# Text Preprocessing and Baseline Model

This notebook implements text preprocessing pipeline and builds a baseline model using bag-of-words and logistic regression.

In [None]:
import pandas as pd
import numpy as np
import matplotlib.pyplot as plt
import seaborn as sns
import re
import string
import nltk
from nltk.corpus import stopwords
from nltk.tokenize import word_tokenize
from nltk.stem import PorterStemmer, WordNetLemmatizer
from sklearn.model_selection import train_test_split, cross_val_score
from sklearn.feature_extraction.text import TfidfVectorizer, CountVectorizer
from sklearn.linear_model import LogisticRegression
from sklearn.naive_bayes import MultinomialNB
from sklearn.metrics import accuracy_score, classification_report, confusion_matrix
from sklearn.pipeline import Pipeline
import joblib
import warnings
warnings.filterwarnings('ignore')

# Download NLTK data
nltk.download('punkt')
nltk.download('stopwords')
nltk.download('wordnet')
nltk.download('omw-1.4')

## Load Data

In [None]:
# Load the combined dataset
df = pd.read_csv('../data/combined_news_dataset.csv')
print(f"Dataset shape: {df.shape}")
print(f"Label distribution:\n{df['label'].value_counts()}")
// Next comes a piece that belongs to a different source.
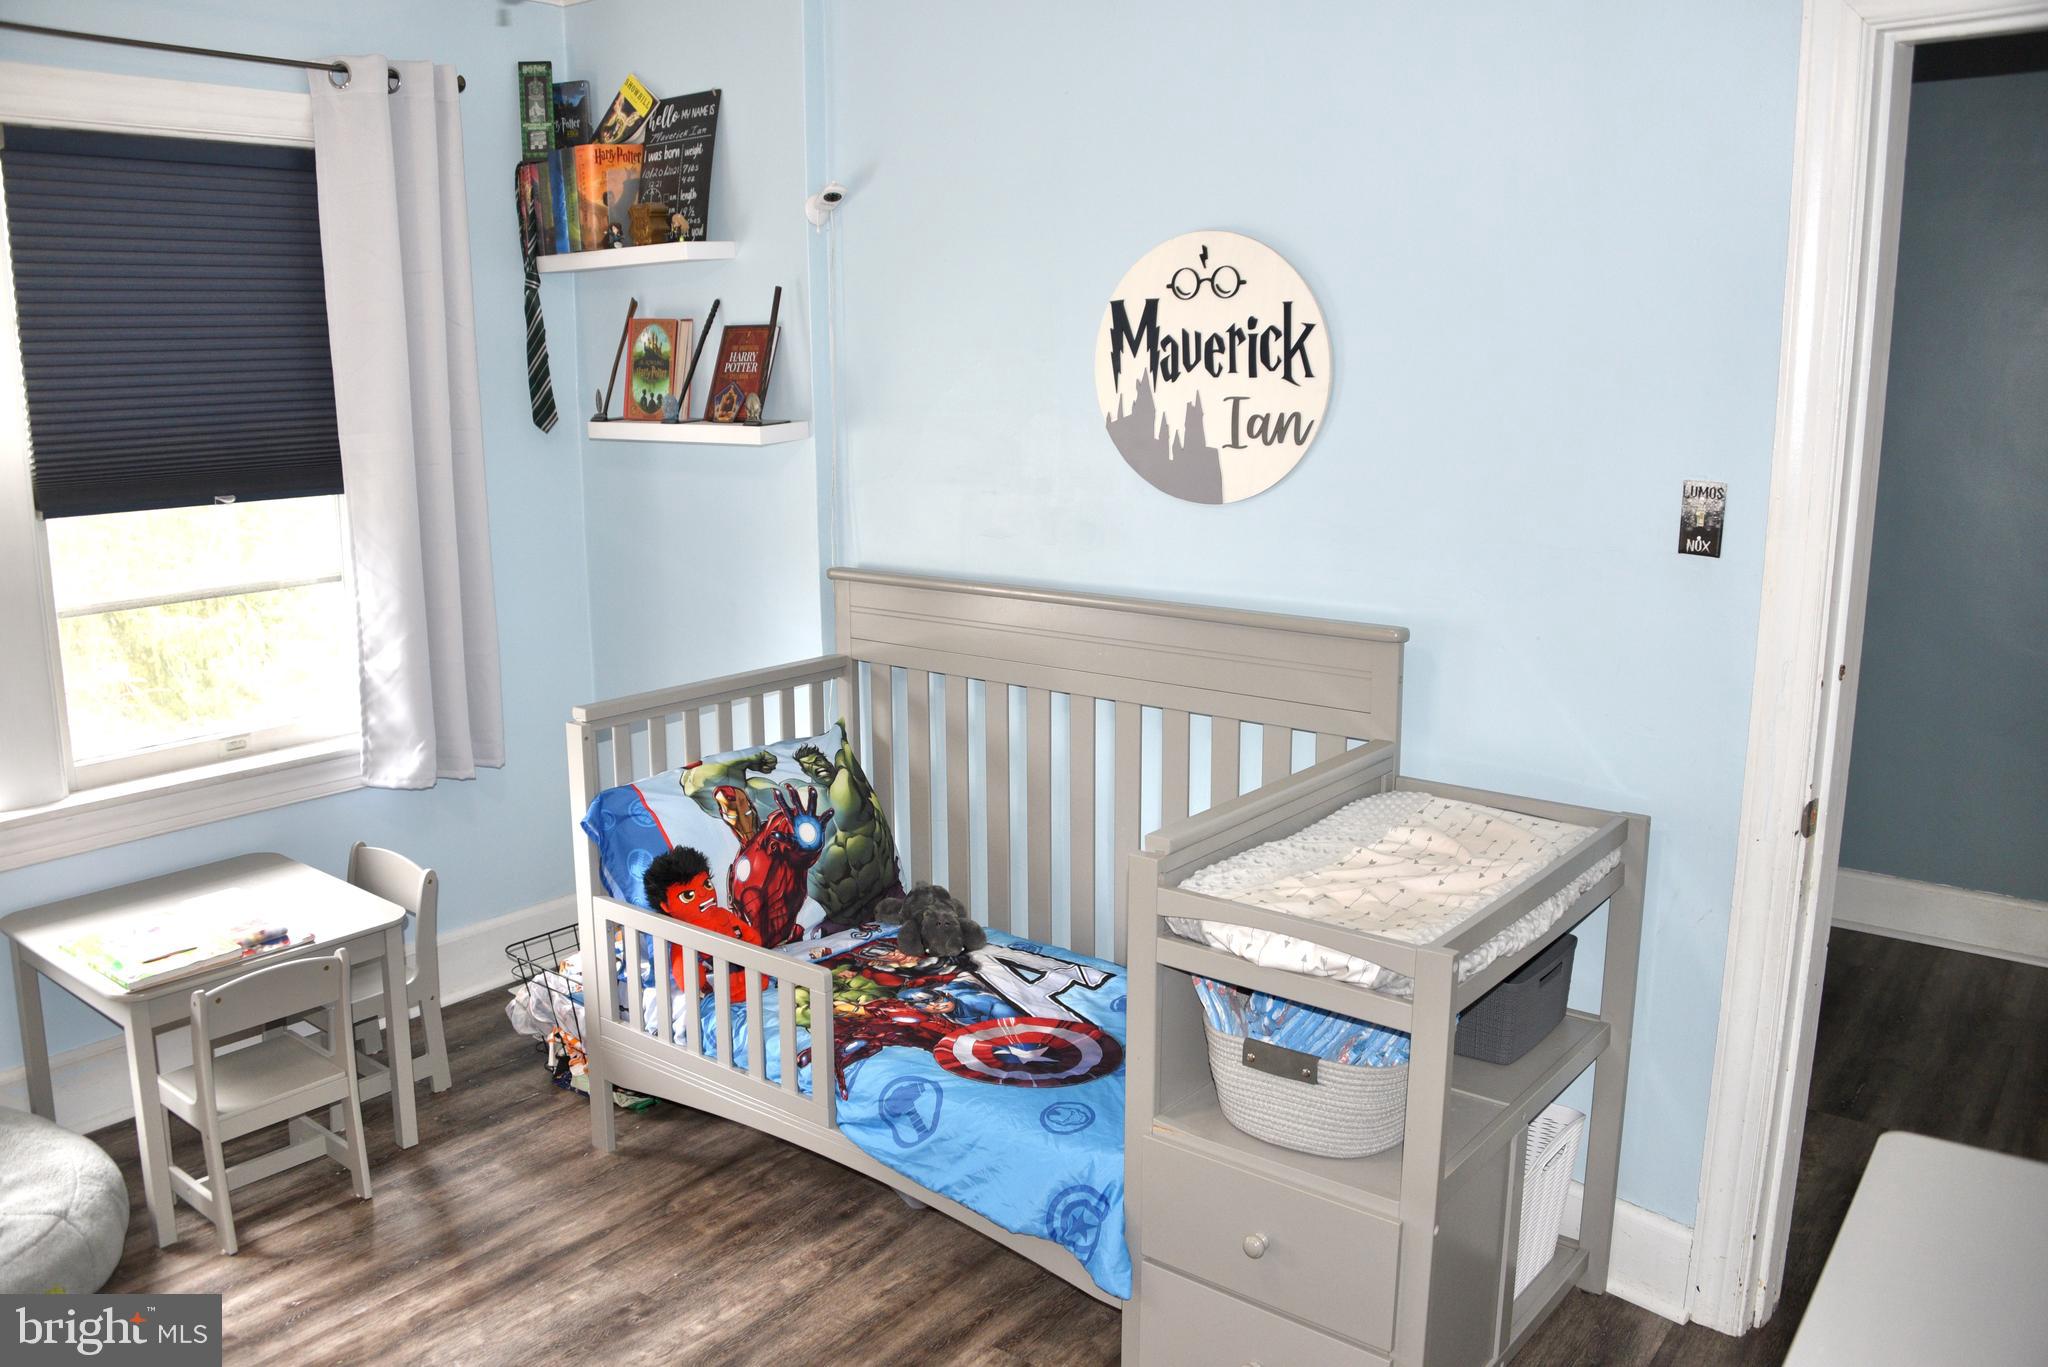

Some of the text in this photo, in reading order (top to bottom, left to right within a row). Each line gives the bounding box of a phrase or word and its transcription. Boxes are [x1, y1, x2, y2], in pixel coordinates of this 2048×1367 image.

## Text Preprocessing Pipeline

In [None]:
class TextPreprocessor:
    def __init__(self, use_stemming=True, remove_stopwords=True):
        self.use_stemming = use_stemming
        self.remove_stopwords = remove_stopwords
        self.stemmer = PorterStemmer()
        self.lemmatizer = WordNetLemmatizer()
        self.stop_words = set(stopwords.words('english'))
    
    def clean_text(self, text):
        """Basic text cleaning"""
        # Convert to lowercase
        text = text.lower()
        
        # Remove URLs
        text = re.sub(r'http\S+|www\S+|https\S+', '', text, flags=re.MULTILINE)
        
        # Remove email addresses
        text = re.sub(r'\S+@\S+', '', text)
        
        # Remove special characters and digits
        text = re.sub(r'[^a-zA-Z\s]', '', text)
        
        # Remove extra whitespace
        text = ' '.join(text.split())
        
        return text
    
    def tokenize_and_process(self, text):
        """Tokenize and apply stemming/lemmatization"""
        tokens = word_tokenize(text)
        
        # Remove stopwords
        if self.remove_stopwords:
            tokens = [token for token in tokens if token not in self.stop_words]
        
        # Apply stemming or lemmatization
        if self.use_stemming:
            tokens = [self.stemmer.stem(token) for token in tokens]
        else:
            tokens = [self.lemmatizer.lemmatize(token) for token in tokens]
        
        return ' '.join(tokens)
    
    def preprocess(self, text):
        """Full preprocessing pipeline"""
        if pd.isna(text):
            return ''
        
        # Clean text
        text = self.clean_text(text)
        
        # Tokenize and process
        text = self.tokenize_and_process(text)
        
        return text

In [None]:
# Initialize preprocessor
preprocessor = TextPreprocessor(use_stemming=True, remove_stopwords=True)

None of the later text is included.